▶ **Data for the task**
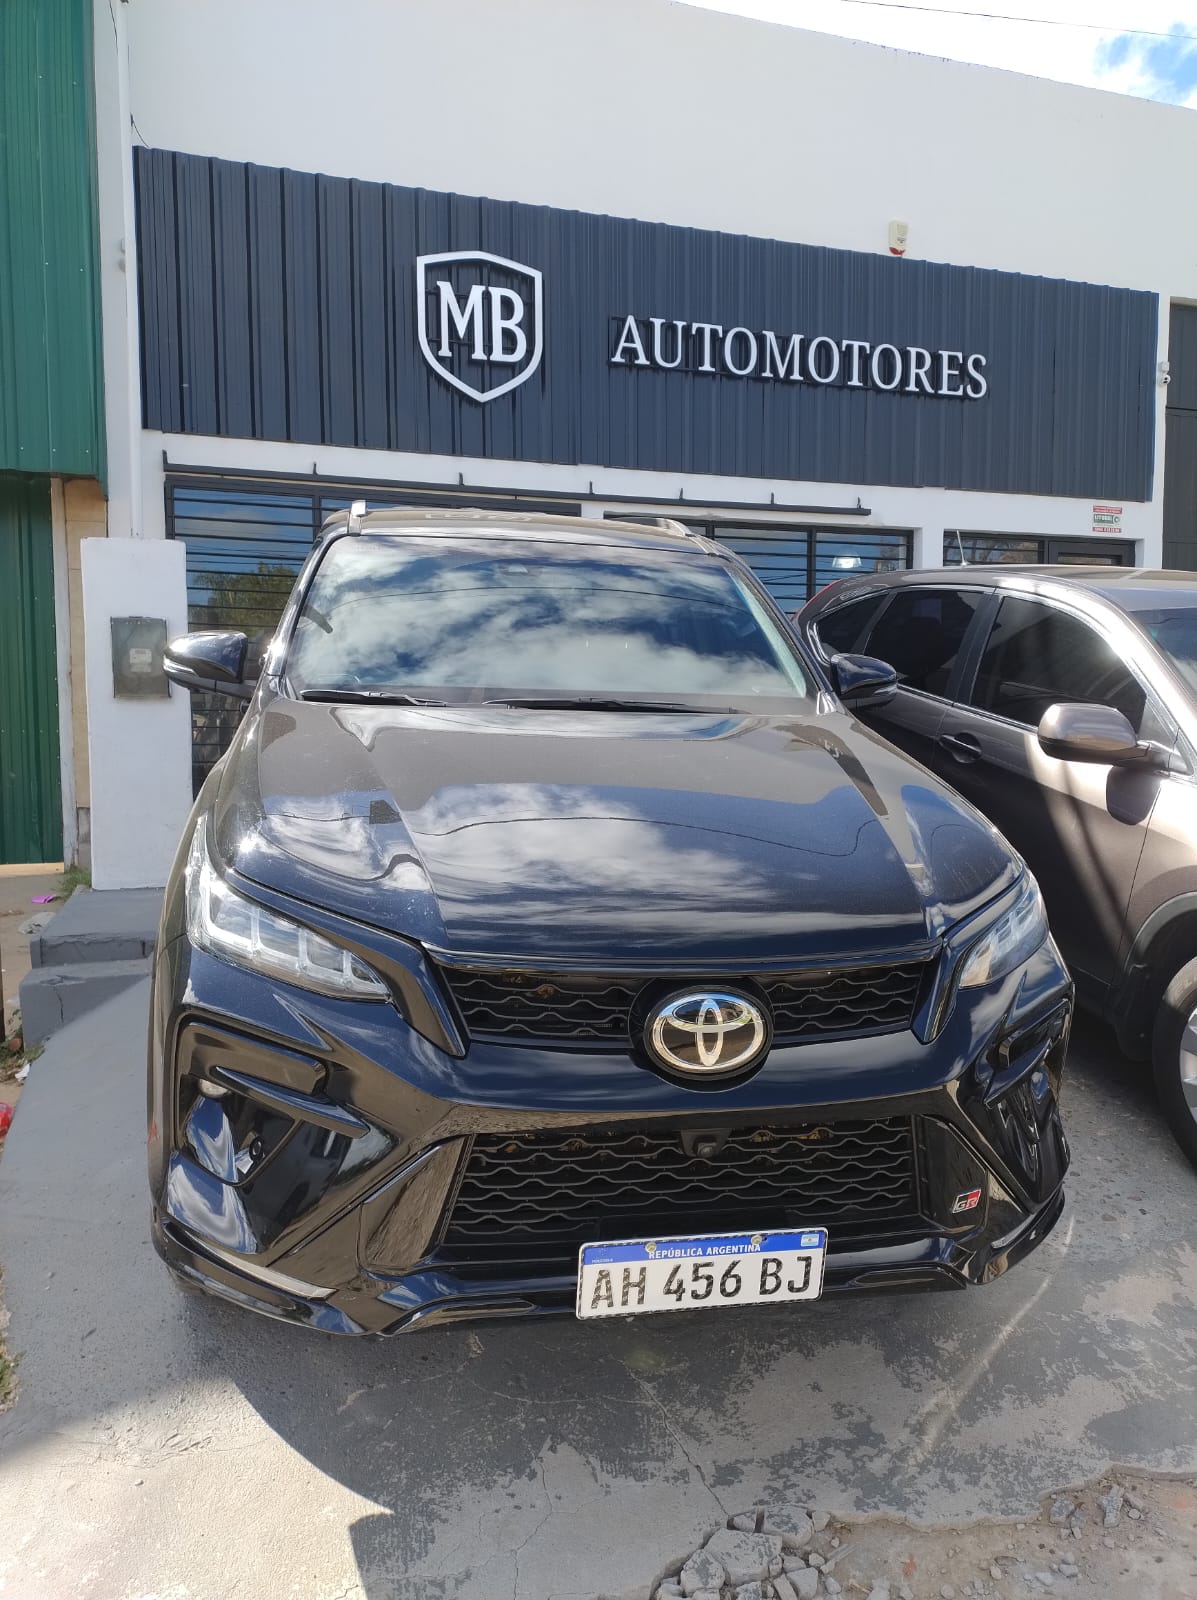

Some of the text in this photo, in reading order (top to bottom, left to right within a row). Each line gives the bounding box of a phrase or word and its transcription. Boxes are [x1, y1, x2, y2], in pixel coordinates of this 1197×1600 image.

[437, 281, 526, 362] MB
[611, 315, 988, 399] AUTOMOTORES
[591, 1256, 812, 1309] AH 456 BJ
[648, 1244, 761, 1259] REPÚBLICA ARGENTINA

▶ **Your assignment**
Could you output all of the records exactly, without their pictures?

▶ **Response**
Some of the text in this photo, in reading order (top to bottom, left to right within a row). Each line gives the bounding box of a phrase or word and its transcription. Boxes are [x1, y1, x2, y2], in pixel coordinates of this 1197×1600 image.

[437, 281, 526, 362] MB
[611, 315, 988, 399] AUTOMOTORES
[591, 1256, 812, 1309] AH 456 BJ
[648, 1244, 761, 1259] REPÚBLICA ARGENTINA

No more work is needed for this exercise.